Yes or no wheel: settle any decision in one spin
A coin flip with a face — and just enough suspense that you actually accept the answer.
Some decisions don't deserve twenty minutes of agonising: order in or cook, gym now or later, message them or leave it. A yes/no wheel is a coin flip with a face — you watch it spin, it lands on an answer, and the little bit of theatre is exactly what makes the answer feel binding in a way a mental coin toss never does.
Why a spinning wheel beats flipping a coin
A coin flip is over in half a second and half the time you "didn't see it properly" and flip again. A wheel takes a few seconds to settle, everyone can watch it happen, and the result sits there on screen. That tiny delay does two useful things: it builds enough suspense that you actually accept the outcome, and it gives you just long enough to notice which answer you're hoping for.
Set one up in ten seconds
- Open the SpinKit wheel.
- Type Yes and No as the only two entries.
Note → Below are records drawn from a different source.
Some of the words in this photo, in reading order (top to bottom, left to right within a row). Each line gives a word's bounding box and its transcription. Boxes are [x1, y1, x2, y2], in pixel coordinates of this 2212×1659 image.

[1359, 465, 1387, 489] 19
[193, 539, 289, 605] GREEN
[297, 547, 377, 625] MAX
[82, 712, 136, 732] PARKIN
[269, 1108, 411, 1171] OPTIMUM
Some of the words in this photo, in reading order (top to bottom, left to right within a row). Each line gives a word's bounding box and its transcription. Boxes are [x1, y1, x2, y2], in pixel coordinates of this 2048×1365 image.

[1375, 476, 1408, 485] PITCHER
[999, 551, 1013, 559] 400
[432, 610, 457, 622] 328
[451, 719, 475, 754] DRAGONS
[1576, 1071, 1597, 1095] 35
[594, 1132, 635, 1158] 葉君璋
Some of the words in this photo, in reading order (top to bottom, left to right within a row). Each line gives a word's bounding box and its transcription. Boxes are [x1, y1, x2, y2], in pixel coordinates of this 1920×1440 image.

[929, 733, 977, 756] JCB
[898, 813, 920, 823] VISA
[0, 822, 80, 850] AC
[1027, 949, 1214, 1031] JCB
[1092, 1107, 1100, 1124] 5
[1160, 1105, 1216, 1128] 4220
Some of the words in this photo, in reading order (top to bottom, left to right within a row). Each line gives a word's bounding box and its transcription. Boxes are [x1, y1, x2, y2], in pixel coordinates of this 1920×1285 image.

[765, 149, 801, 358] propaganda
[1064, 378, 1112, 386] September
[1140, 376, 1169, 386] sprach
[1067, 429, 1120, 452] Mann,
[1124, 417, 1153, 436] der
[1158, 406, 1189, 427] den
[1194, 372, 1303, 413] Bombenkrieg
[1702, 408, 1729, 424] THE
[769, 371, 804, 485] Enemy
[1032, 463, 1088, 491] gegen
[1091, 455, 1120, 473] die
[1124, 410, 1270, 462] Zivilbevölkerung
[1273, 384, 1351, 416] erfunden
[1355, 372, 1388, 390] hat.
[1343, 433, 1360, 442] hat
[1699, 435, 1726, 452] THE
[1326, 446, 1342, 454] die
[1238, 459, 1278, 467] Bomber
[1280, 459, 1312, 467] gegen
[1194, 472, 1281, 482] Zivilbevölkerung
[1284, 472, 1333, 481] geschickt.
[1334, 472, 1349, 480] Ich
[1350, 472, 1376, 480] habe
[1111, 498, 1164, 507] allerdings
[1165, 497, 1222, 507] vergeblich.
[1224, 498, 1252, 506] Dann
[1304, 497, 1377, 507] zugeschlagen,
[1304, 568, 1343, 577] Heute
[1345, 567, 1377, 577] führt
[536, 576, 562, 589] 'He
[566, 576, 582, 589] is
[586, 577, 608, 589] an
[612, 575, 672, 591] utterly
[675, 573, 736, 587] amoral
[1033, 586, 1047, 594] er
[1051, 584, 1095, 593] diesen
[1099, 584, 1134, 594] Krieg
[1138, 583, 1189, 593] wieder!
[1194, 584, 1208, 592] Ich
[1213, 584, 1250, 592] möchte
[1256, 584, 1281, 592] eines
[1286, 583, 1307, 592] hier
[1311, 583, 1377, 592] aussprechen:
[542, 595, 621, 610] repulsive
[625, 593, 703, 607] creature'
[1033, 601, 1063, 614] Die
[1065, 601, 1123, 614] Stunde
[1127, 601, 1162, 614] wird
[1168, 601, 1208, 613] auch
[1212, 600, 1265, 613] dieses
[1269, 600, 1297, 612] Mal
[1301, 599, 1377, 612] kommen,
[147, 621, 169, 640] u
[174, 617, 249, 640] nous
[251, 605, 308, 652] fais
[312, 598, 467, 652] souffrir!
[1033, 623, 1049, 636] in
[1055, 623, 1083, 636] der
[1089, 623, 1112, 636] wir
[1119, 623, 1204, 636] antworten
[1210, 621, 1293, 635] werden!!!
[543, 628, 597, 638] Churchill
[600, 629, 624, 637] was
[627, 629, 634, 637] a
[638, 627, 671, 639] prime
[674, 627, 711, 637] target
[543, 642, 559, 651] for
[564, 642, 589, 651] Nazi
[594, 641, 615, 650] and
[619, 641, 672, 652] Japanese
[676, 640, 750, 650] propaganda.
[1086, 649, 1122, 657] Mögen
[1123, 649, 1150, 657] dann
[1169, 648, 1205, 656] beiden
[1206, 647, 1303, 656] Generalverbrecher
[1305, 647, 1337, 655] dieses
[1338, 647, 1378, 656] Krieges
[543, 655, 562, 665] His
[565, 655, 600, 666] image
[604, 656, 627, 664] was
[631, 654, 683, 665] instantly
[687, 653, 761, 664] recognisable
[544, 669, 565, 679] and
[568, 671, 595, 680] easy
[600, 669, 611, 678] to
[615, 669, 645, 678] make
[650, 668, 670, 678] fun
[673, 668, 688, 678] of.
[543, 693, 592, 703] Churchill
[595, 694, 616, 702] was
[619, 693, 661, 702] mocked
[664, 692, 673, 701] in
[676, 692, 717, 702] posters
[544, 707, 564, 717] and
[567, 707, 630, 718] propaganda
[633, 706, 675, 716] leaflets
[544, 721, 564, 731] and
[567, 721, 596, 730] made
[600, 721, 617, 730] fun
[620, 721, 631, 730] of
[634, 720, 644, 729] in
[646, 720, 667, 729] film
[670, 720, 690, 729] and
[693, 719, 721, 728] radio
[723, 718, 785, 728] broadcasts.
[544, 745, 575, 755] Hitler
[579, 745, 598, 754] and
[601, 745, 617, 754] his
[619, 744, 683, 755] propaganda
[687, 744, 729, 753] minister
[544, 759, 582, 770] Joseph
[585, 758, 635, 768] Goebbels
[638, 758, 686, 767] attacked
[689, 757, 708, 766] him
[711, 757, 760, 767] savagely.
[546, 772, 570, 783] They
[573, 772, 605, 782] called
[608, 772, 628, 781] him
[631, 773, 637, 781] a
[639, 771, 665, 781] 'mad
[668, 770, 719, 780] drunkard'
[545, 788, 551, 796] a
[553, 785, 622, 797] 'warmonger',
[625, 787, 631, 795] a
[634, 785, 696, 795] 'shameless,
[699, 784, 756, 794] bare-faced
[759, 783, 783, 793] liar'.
- Spin. Both slices are equal, so it's a true 50/50.
Save it once and it's there whenever a small decision stalls — SpinKit keeps wheels on your device, so the yes/no wheel works offline too.
Variations that actually help
- Yes / No / Maybe. Add a third entry when a decision genuinely might need more thought. Make the Maybe slice smaller so the wheel usually commits.
- Weighted lean. If you'd take yes at 2:1 but want luck to have a say, give the Yes entry double weight. The bigger slice keeps the bias visible and honest.
- Ask again later. A useful fourth option for decisions that don't need answering today.
- Best of three. For sillier calls, agree up front that two out of three spins decide it — more suspense, same fairness.
When not to spin
A yes/no wheel is for decisions where both answers are genuinely fine — what to eat, whether to watch another episode, who texts first. Don't hand it anything with real stakes: money, relationships, health. For those, the wheel's only proper job is the gut-check above, and then you should decide like an adult.
Beyond yes and no
Once you've got the habit, the same wheel settles bigger option sets: paste four restaurant names instead of Yes/No and the decision wheel pattern takes over. And if the choice is really "who has to do it", the team picker or a chore rota is the fairer tool.